Nature of Crypto Assets

The main legal issue when crypto assets are involved is that of qualification and more precisely whether the relevant crypto assets constitute securities. The qualification of a particular crypto asset or crypto contract as a security is key in determining the applicable legal framework. The law, however, is still developing on this matter.

This question was addressed in 2018 by the CSA in Staff Notice 46-308 where it stated that determining whether a particular crypto asset is a security would be fact specific and depend on the particular circumstances of such crypto asset.4 Specifically, the CSA endorses a purposive interpretation of the investment contract test set out in Pacific Coast Coin Exchange v Ontario Securities Commission,5 which aims at investor protection. Staff Notice 46-308 sets out a non-exhaustive list of factors that may imply the presence of one or more elements of an investment contract, notably: 

  • The issuer’s management retains a significant number of unsold tokens from the offering or “pre-mines” a significant number of tokens before they are publicly available;
  • Management makes statements suggesting that the tokens will appreciate in value, or compares them to other cryptocurrencies that have increased in value; and 
  • Management makes representations that tokens are reasonably expected or marketed to trade on crypto trading platforms or to otherwise be freely tradeable in the secondary market.

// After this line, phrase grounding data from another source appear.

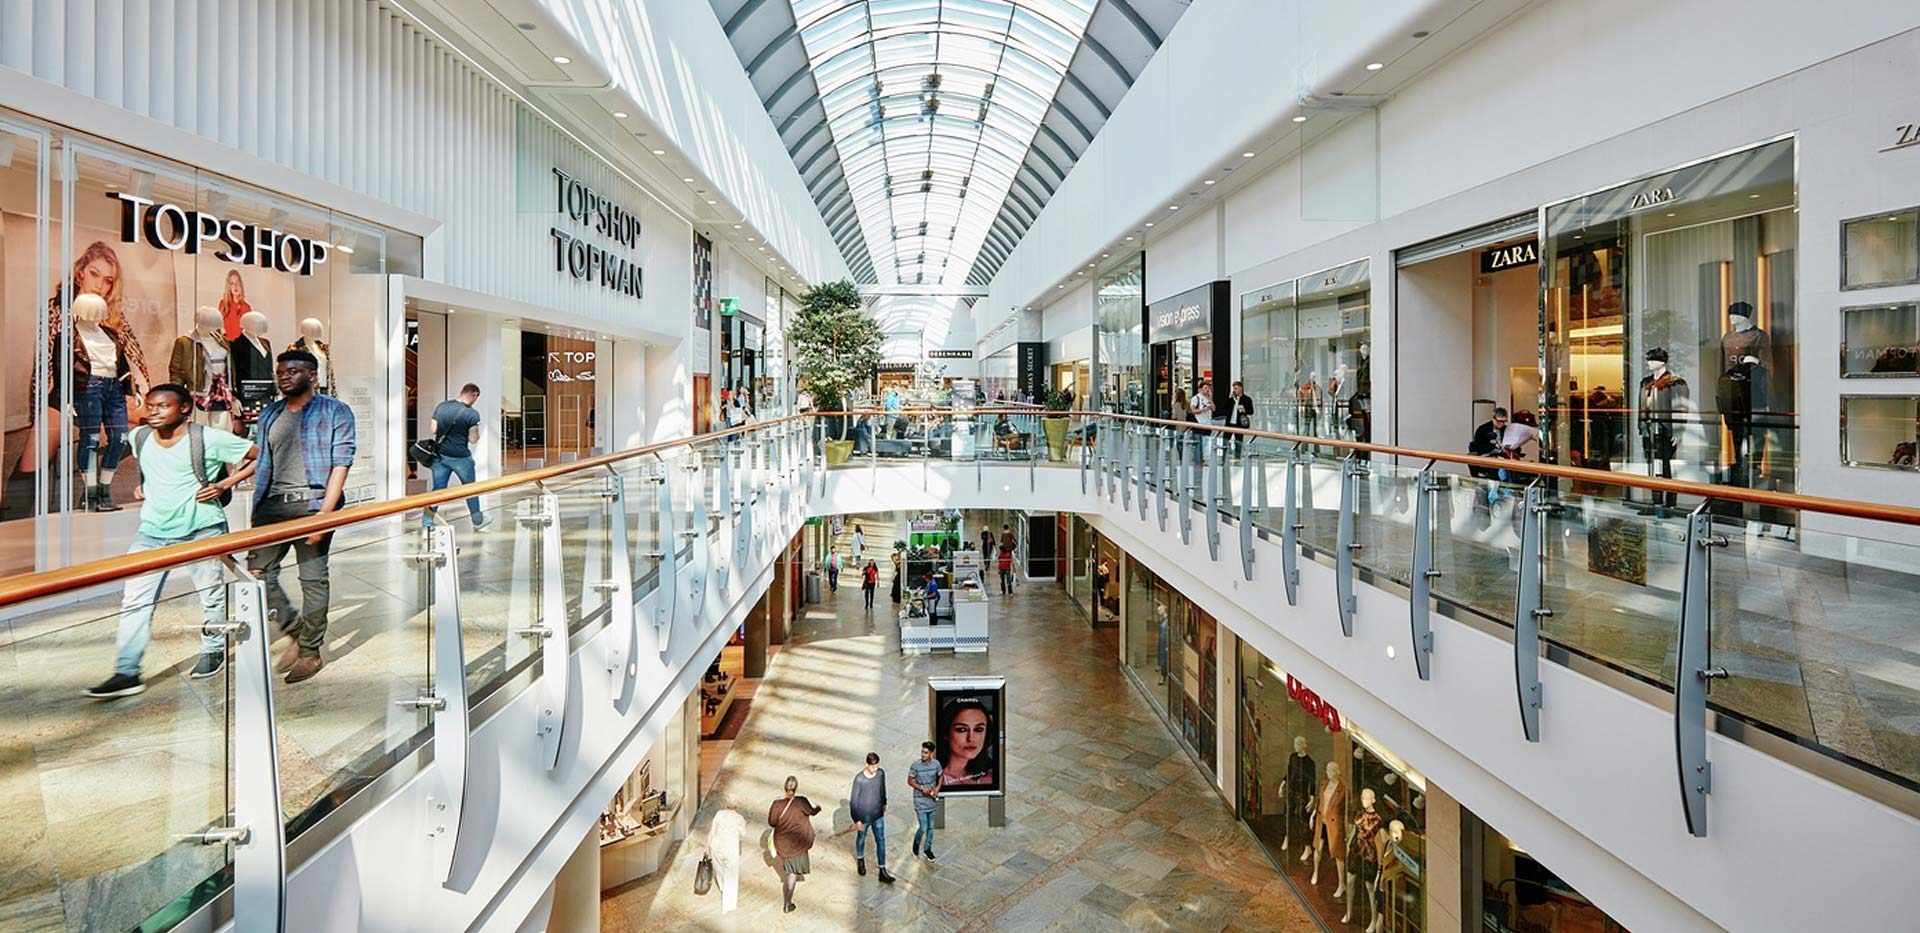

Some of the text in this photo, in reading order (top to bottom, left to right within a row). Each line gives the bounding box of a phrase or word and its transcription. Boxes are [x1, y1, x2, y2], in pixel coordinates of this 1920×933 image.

[552, 167, 641, 249] TOPSHOP
[1631, 187, 1676, 209] ZARA
[105, 192, 331, 275] TOPSHOP
[1491, 245, 1536, 268] ZARA
[551, 227, 643, 299] TOPMAN
[563, 352, 595, 363] TOP

In its 2019 Consultation Paper 21-402, the CSA acknowledges that some of the well-established crypto assets such as Bitcoin are not currently per se securities or derivatives, but rather have certain features that are analogous to existing commodities such as currencies and precious metals.6 However, the CSA confirms in the same document that most crypto assets offerings have involved a distribution of securities taking the form of investment contracts. 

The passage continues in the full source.